((

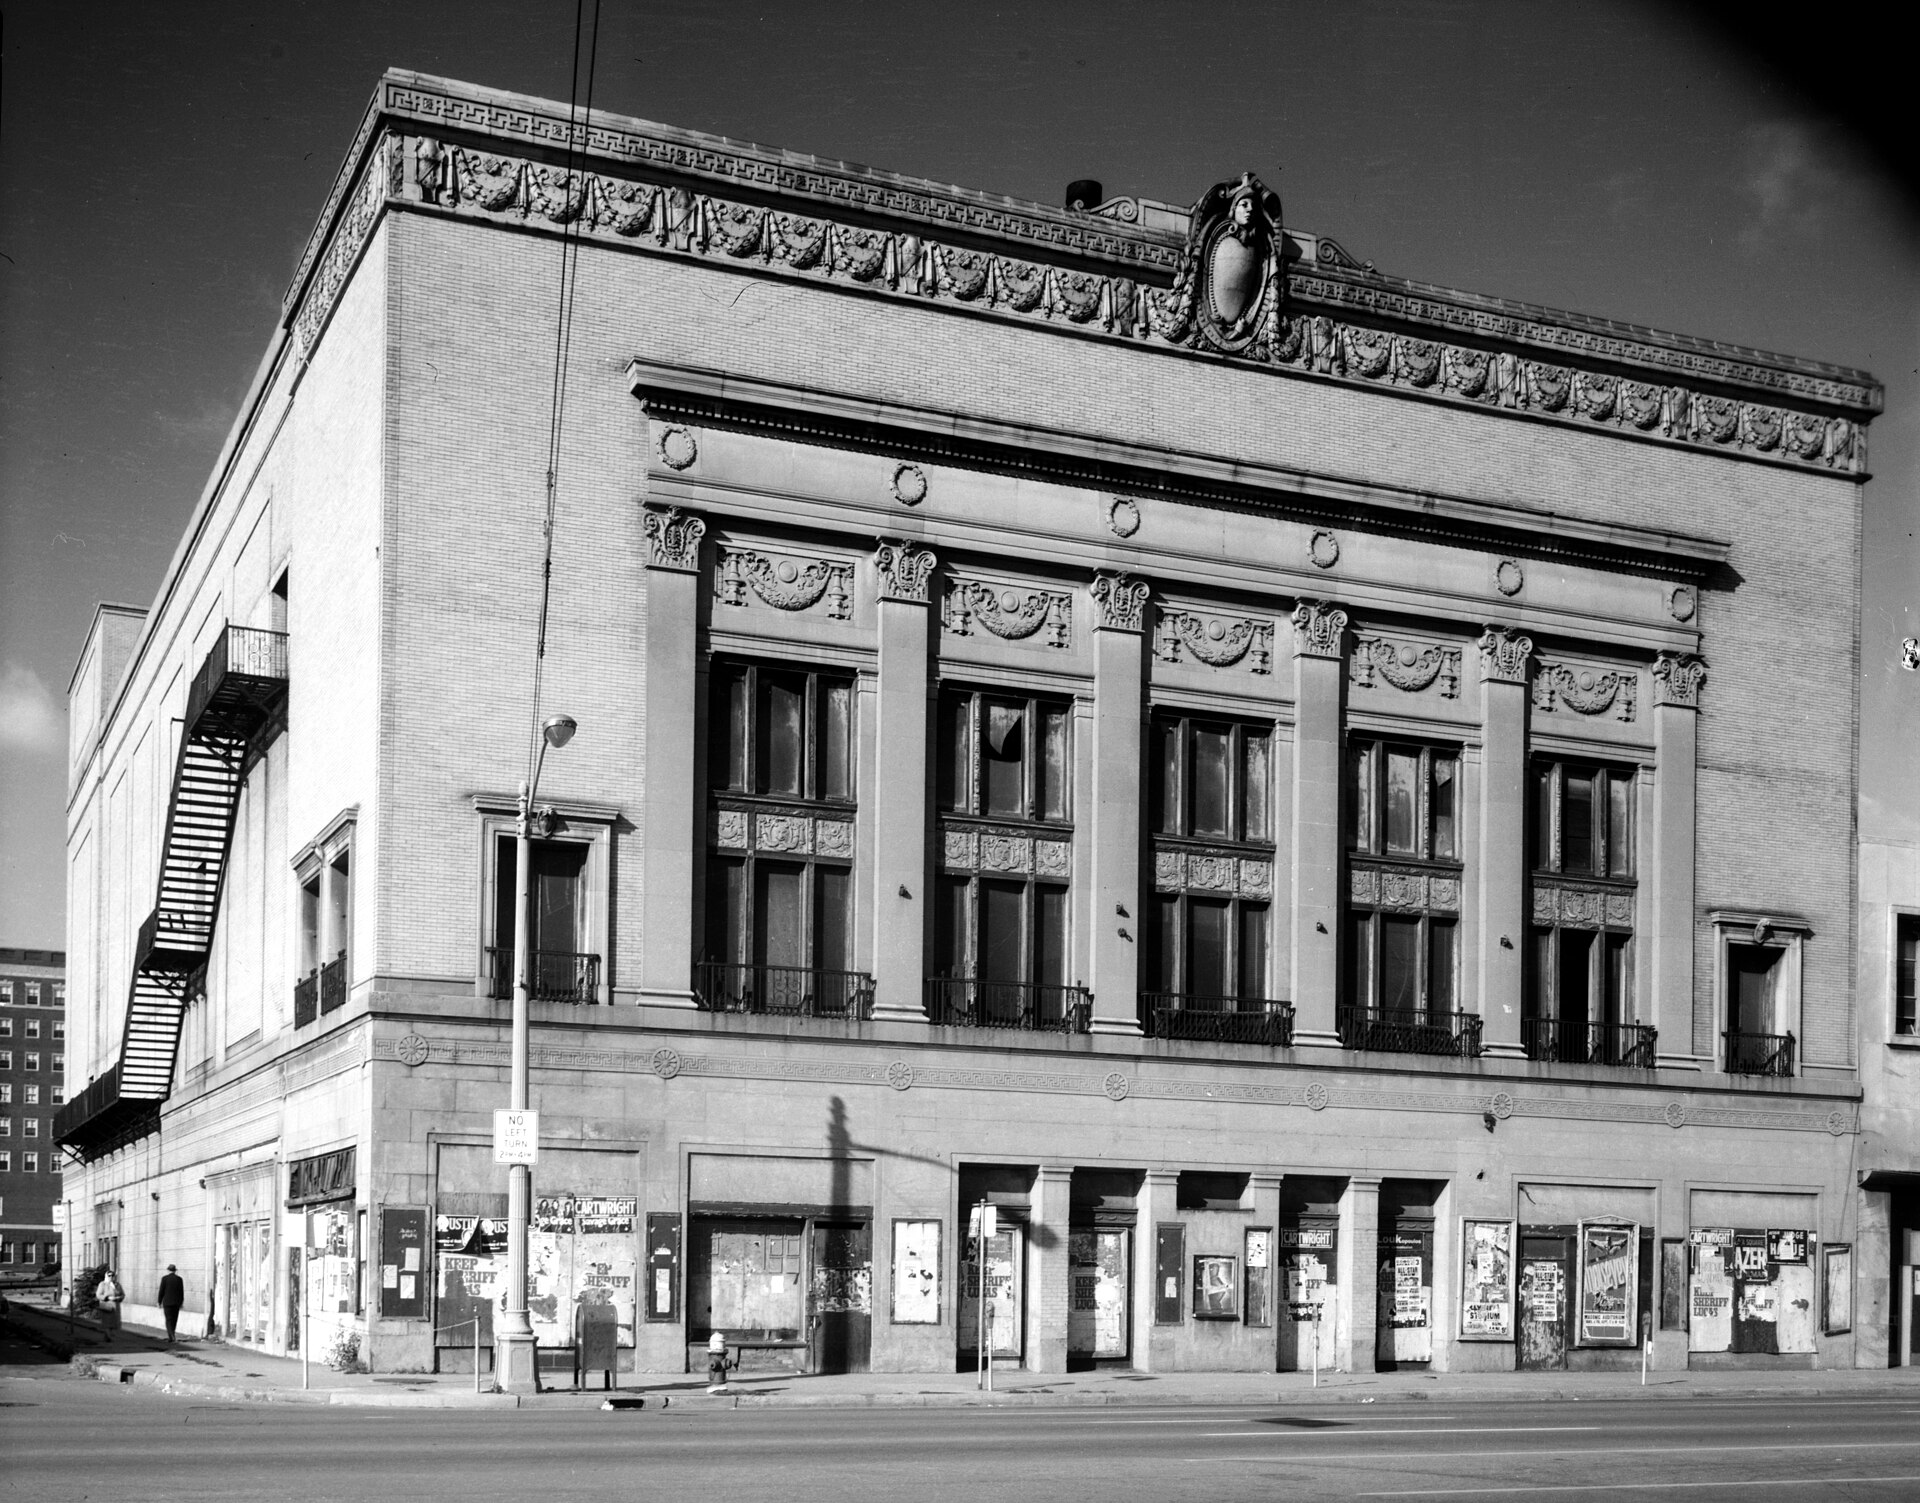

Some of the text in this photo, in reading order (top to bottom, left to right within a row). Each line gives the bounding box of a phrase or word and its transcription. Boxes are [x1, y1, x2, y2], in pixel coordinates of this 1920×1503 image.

[508, 1115, 524, 1125] NO
[505, 1128, 526, 1136] LEFT
[504, 1139, 528, 1148] TURN
[574, 1200, 635, 1215] CARTWRIGHT
[1283, 1232, 1331, 1245] CARTWRIGHT
[1690, 1232, 1731, 1244] CARTWRIGHT
[445, 1258, 478, 1270] KEEP
[1693, 1297, 1729, 1307] SHERIFF
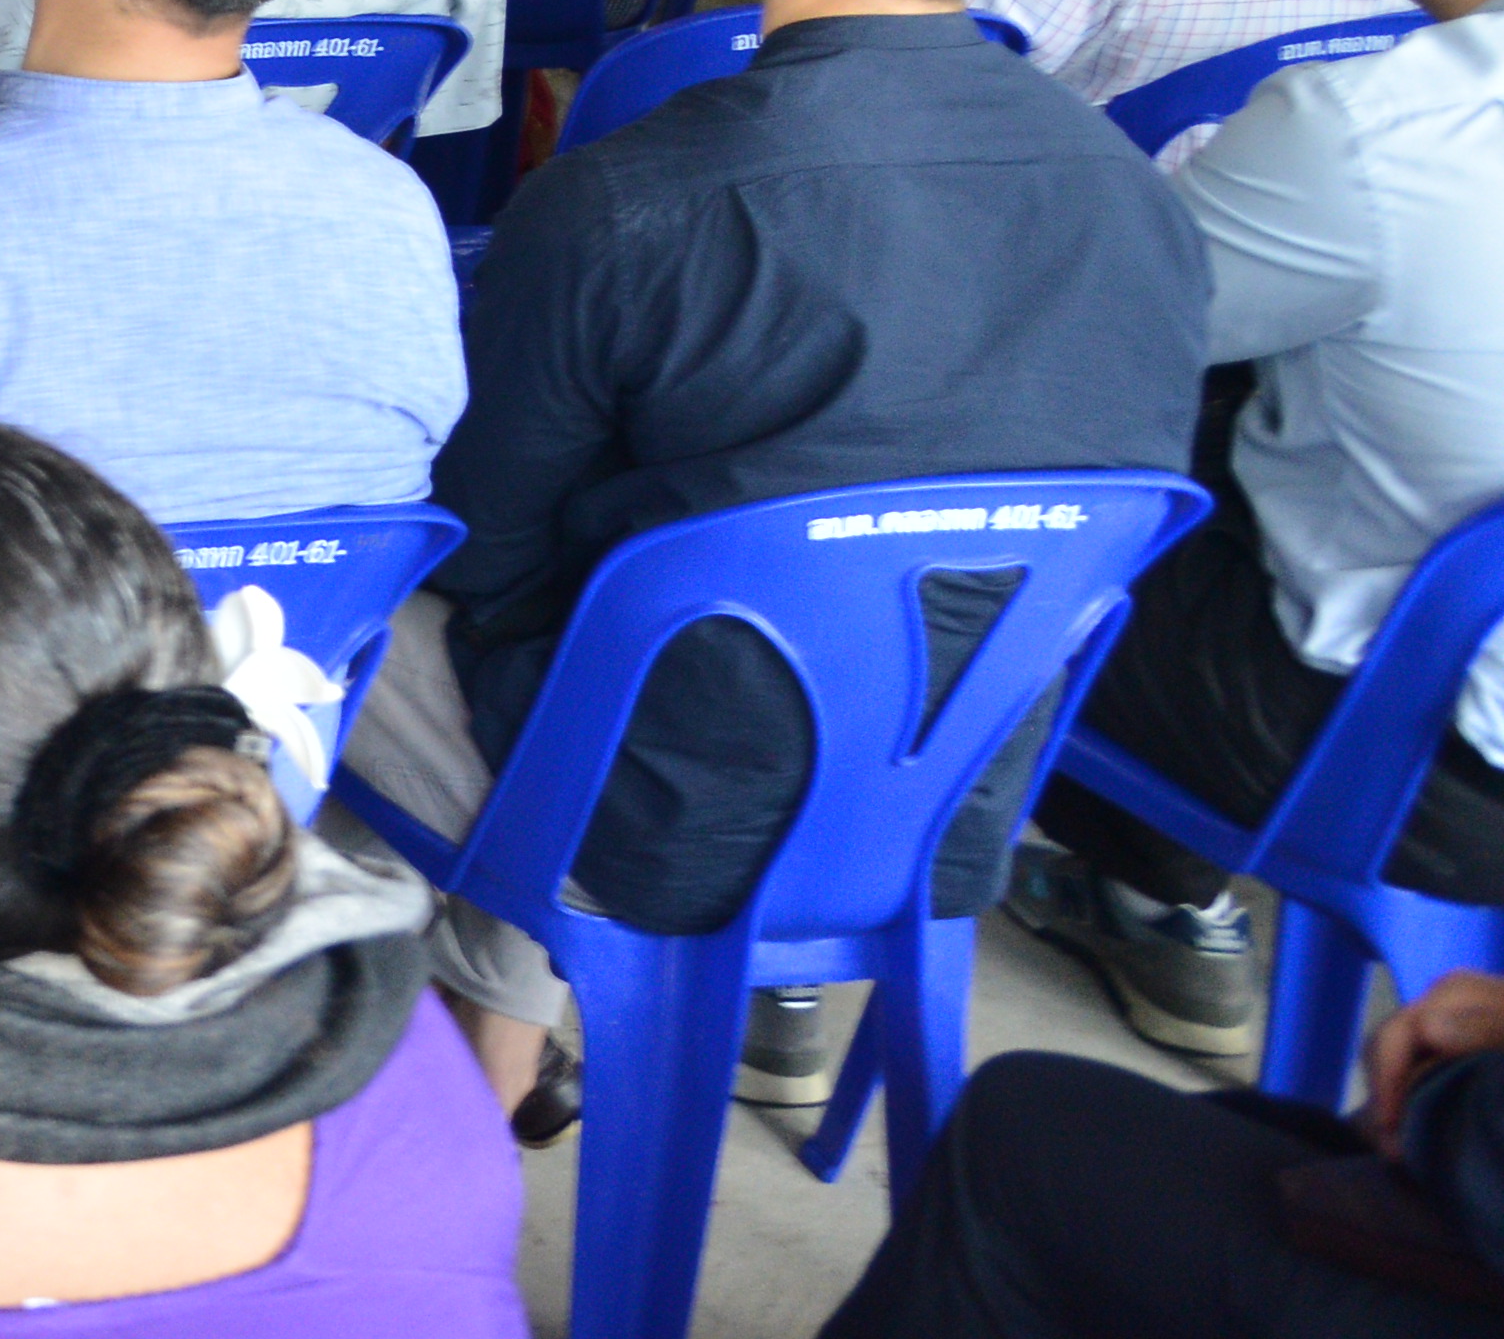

))

## [WHAT YOU SHOULD DO]
Apart from the images, retype the full material exactly as written.

## [SOLUTION]
Some of the text in this photo, in reading order (top to bottom, left to right within a row). Each line gives the bounding box of a phrase or word and its transcription. Boxes are [x1, y1, x2, y2], in pixel coordinates of this 1920×1503 image.

[508, 1115, 524, 1125] NO
[505, 1128, 526, 1136] LEFT
[504, 1139, 528, 1148] TURN
[574, 1200, 635, 1215] CARTWRIGHT
[1283, 1232, 1331, 1245] CARTWRIGHT
[1690, 1232, 1731, 1244] CARTWRIGHT
[445, 1258, 478, 1270] KEEP
[1693, 1297, 1729, 1307] SHERIFF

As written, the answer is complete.